[Annotated photo localization data]
--- START ---

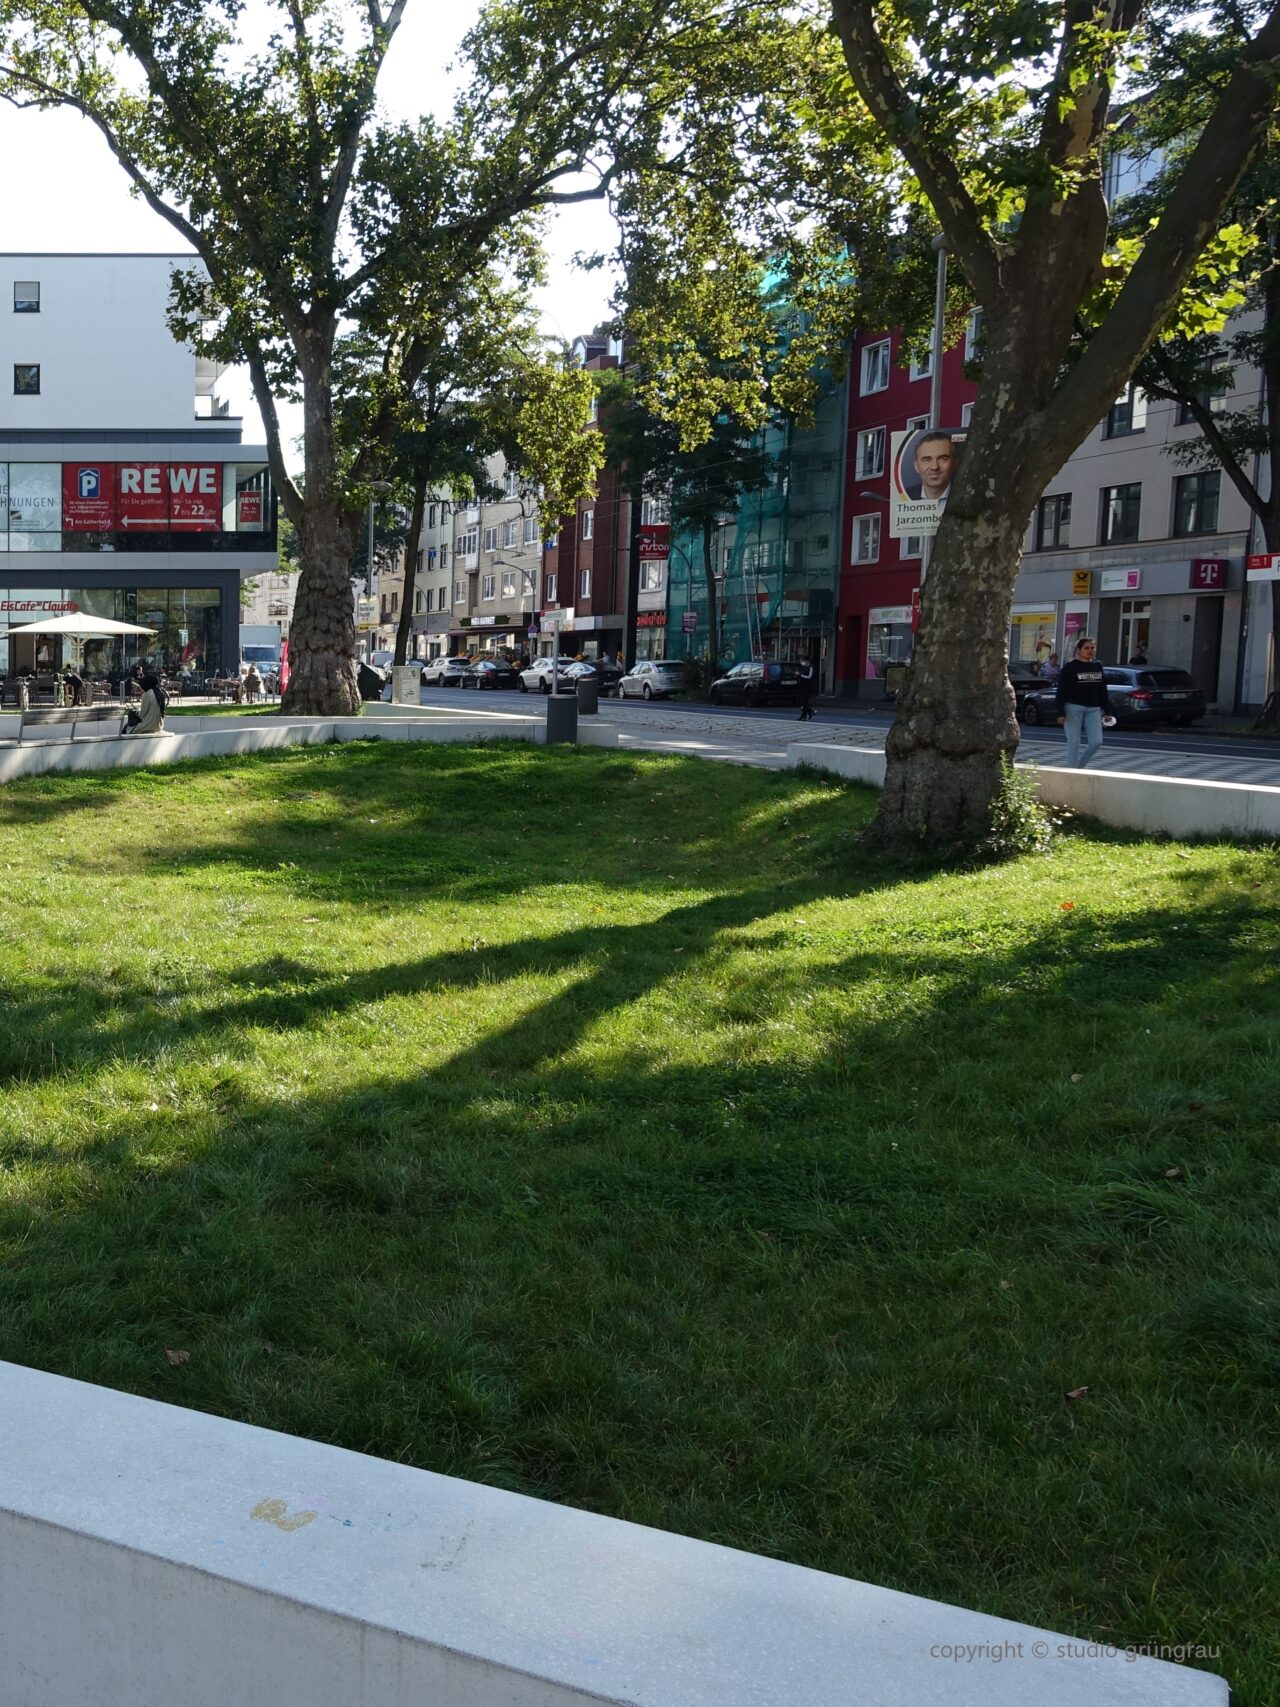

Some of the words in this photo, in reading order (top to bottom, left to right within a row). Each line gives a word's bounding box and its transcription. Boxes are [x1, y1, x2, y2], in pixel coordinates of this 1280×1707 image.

[121, 468, 217, 494] REWE
[240, 496, 261, 505] REWE
[174, 505, 180, 515] 7
[191, 505, 205, 515] 22
[897, 503, 937, 512] Thomas
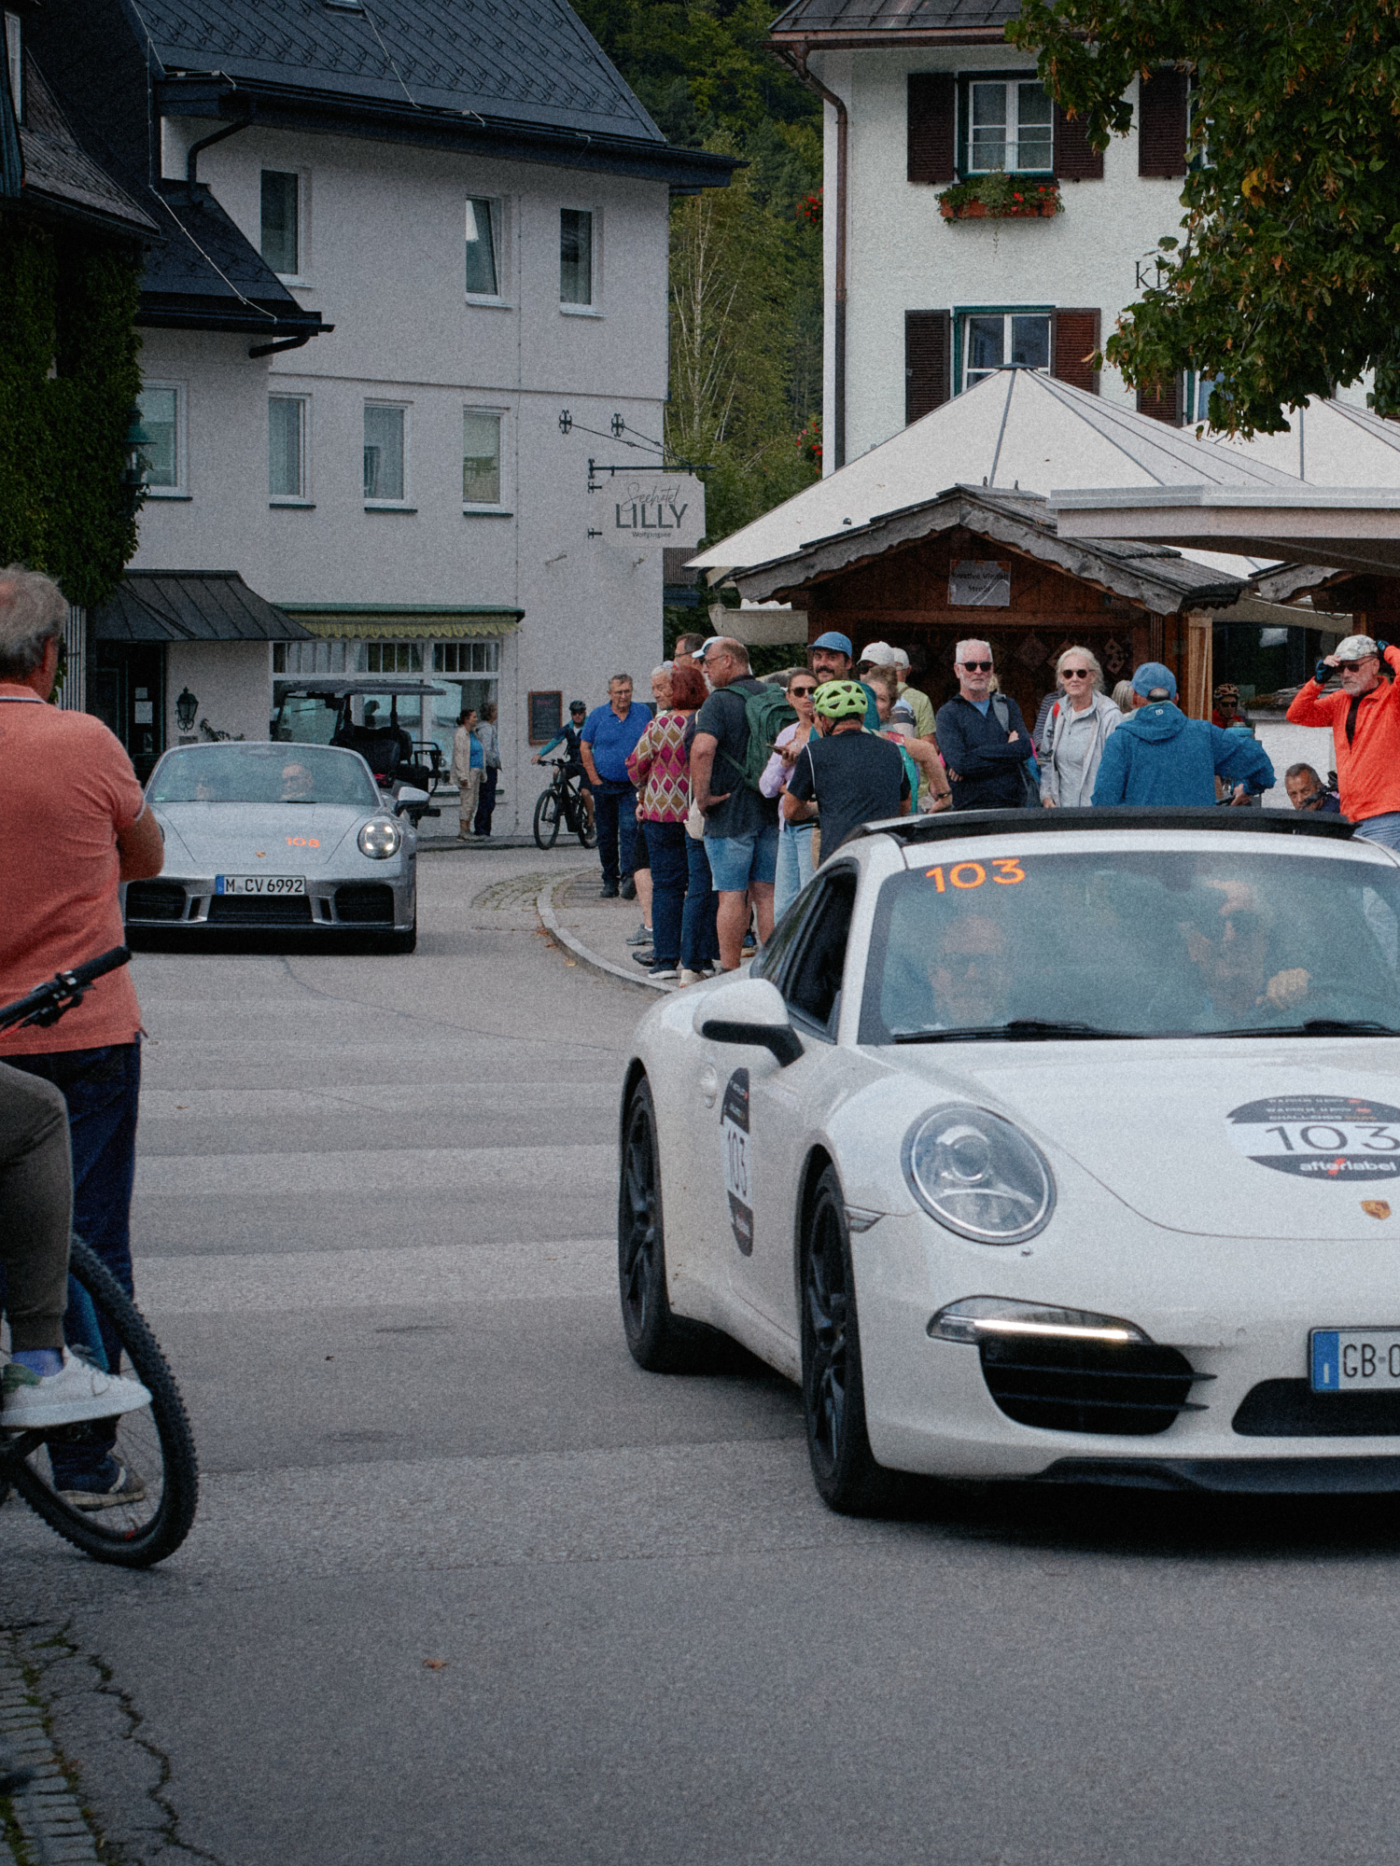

--- END ---

• _What to produce_:
An exact copy of all entries is needed, with no pictures in it.

• _Final answer_:
Some of the words in this photo, in reading order (top to bottom, left to right within a row). Each line gives a word's bounding box and its transcription. Boxes are [x1, y1, x2, y2], in pixel coordinates of this 1280×1707 image.

[121, 468, 217, 494] REWE
[240, 496, 261, 505] REWE
[174, 505, 180, 515] 7
[191, 505, 205, 515] 22
[897, 503, 937, 512] Thomas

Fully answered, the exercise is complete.